This morning we opened prayer time at work listening to Blessed Be Your Name.

You give and take away, my heart will choose to say, Lord, blessed be your name.

And, I’ll admit, I was fighting back the tears.

I listen to Pandora almost all day long and heard “Make Your Feel My Love”…twice.

I’d go hungry, I’d go black and blue
I’d go crawling down the avenue
There’s nothing that I wouldn’t do
To make you feel my love

I think it was written as a love song but, for me, its about our kiddos (all three of the ones we have cared for and the ones yet to come).

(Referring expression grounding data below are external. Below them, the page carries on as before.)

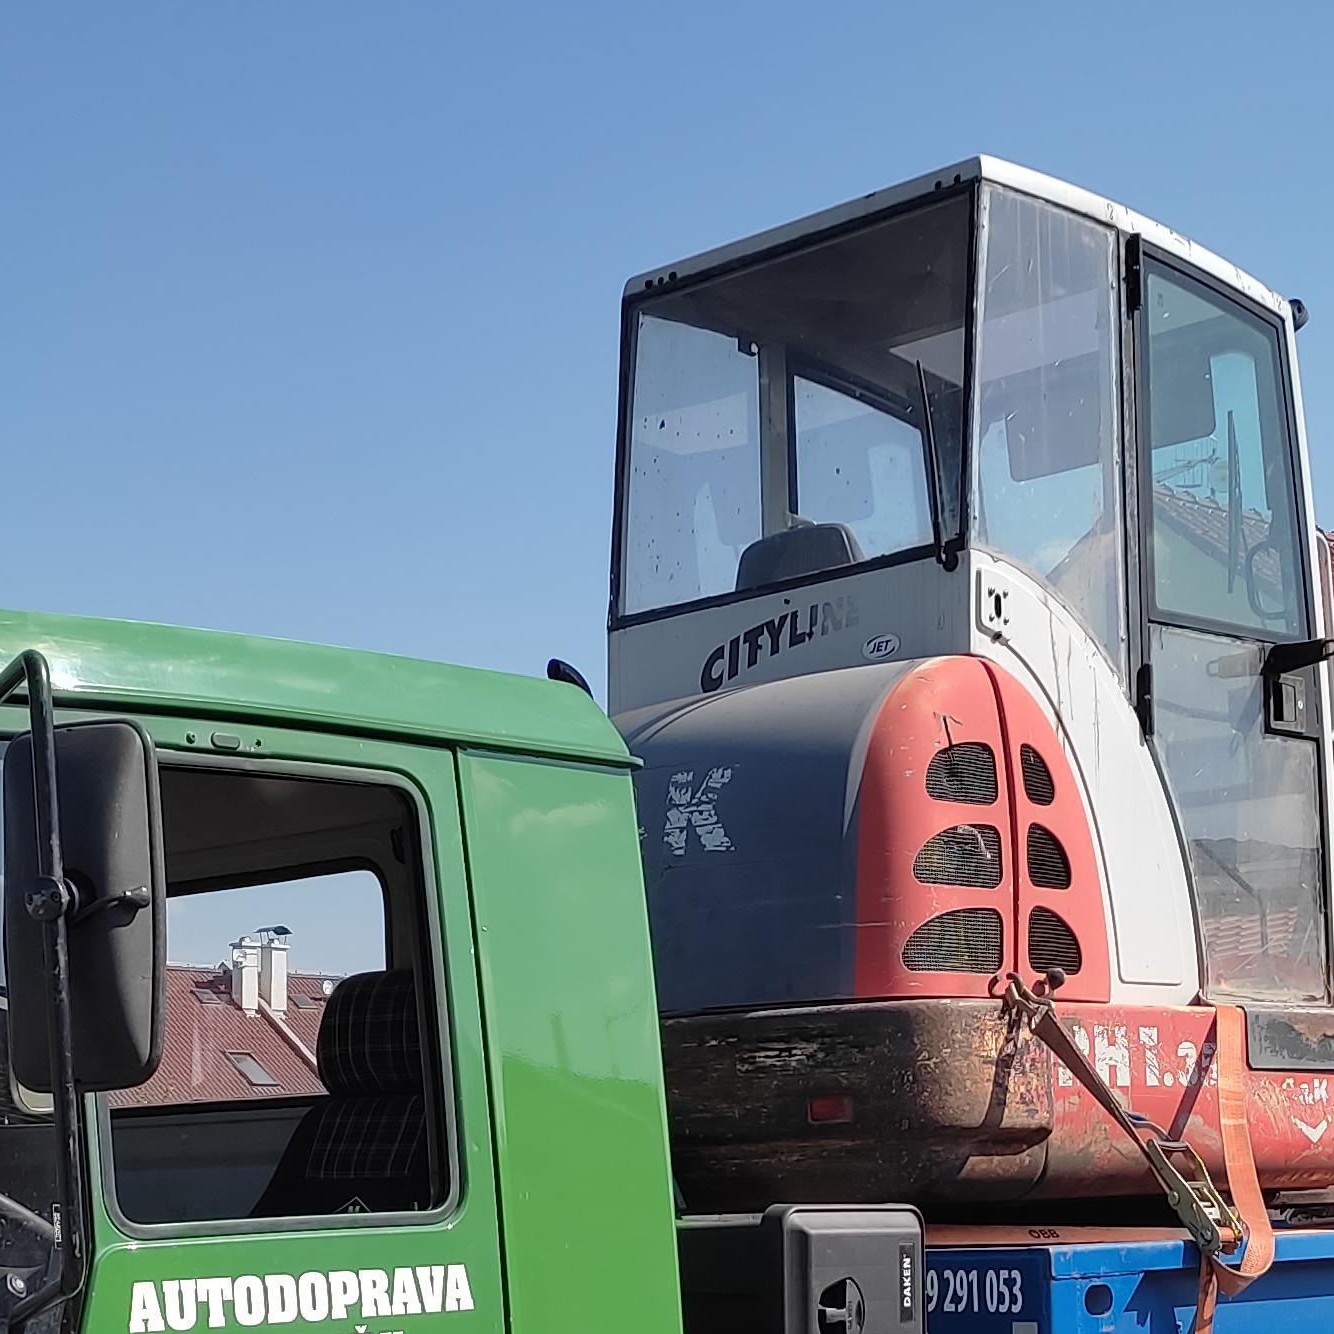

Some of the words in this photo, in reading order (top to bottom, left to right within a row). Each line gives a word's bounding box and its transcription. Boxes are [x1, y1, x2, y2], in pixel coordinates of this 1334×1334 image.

[869, 638, 892, 655] JET
[128, 1263, 476, 1334] AUTODOPRAVA
[903, 1256, 912, 1308] DAKEN
[943, 1269, 979, 1313] 291
[985, 1269, 1023, 1314] 053
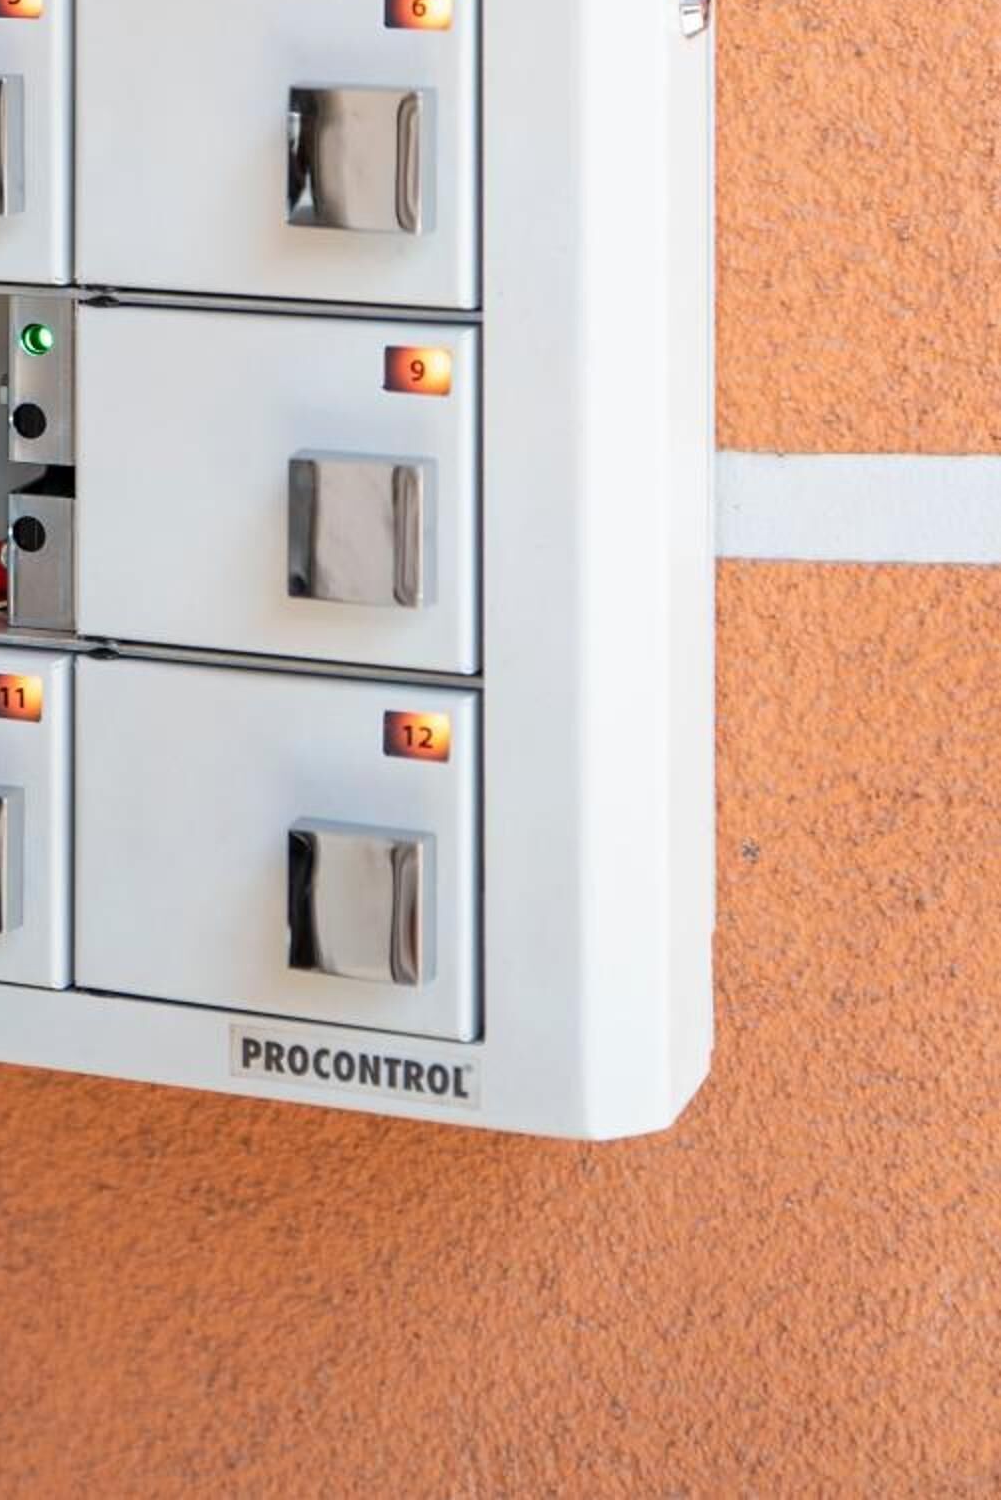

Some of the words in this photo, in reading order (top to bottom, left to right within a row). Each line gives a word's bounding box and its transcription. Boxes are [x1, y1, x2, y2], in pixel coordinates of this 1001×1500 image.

[410, 359, 425, 381] 9
[0, 687, 25, 709] 11
[403, 725, 433, 749] 12
[242, 1037, 469, 1099] PROCONTROL
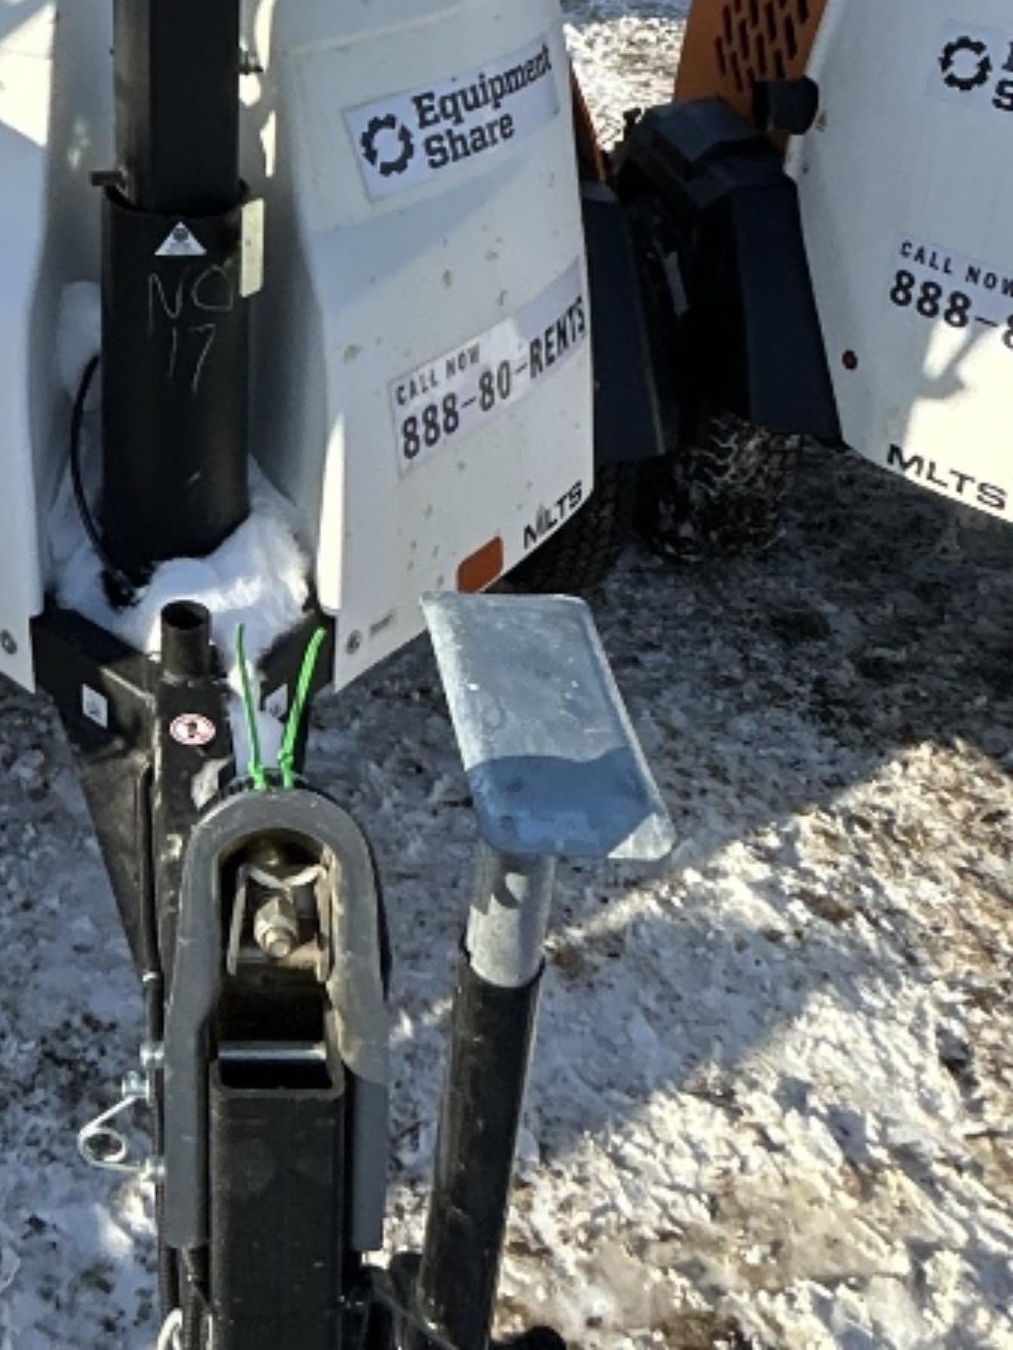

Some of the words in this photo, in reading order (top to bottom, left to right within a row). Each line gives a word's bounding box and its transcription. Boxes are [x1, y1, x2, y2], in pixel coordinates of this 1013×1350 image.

[412, 43, 552, 130] Equipment
[423, 113, 516, 169] Share
[900, 240, 954, 275] CALL
[396, 375, 439, 406] CALL
[446, 342, 480, 380] NOW
[401, 295, 586, 460] 888-80-RENTS
[887, 443, 1007, 510] MLTS

And then I saw this on the Livesay’s blog:

Hope and despair are not opposites. They are cut from the very same cloth, made from the very same material, shaped from the very same circumstances.  Most of all, every life finds itself forced to choose one from the other, one day at a time, one circumstance after another.  The only difference between the two is that despair shapes an attitude of mind; hope creates a quality of soul. Despair colors the way we look at things, makes us suspicious of the future, makes us negative about the present.  Hope, on the other hand, takes life on its own terms, knows that whatever happens God lives in it, and expects that, whatever its twists and turns, it will ultimately yield its good to those who live it well. When tragedy strikes, when trouble comes, when life disappoints us, we stand at the crossroads between hope and despair, torn and hurting. Despair cements us in the present; hope sends us dancing around dark corners trusting in a tomorrow we cannot see.  Despair says that there is no place to go but here.  Hope says that God is waiting for us someplace else.  Begin again. (unknown author)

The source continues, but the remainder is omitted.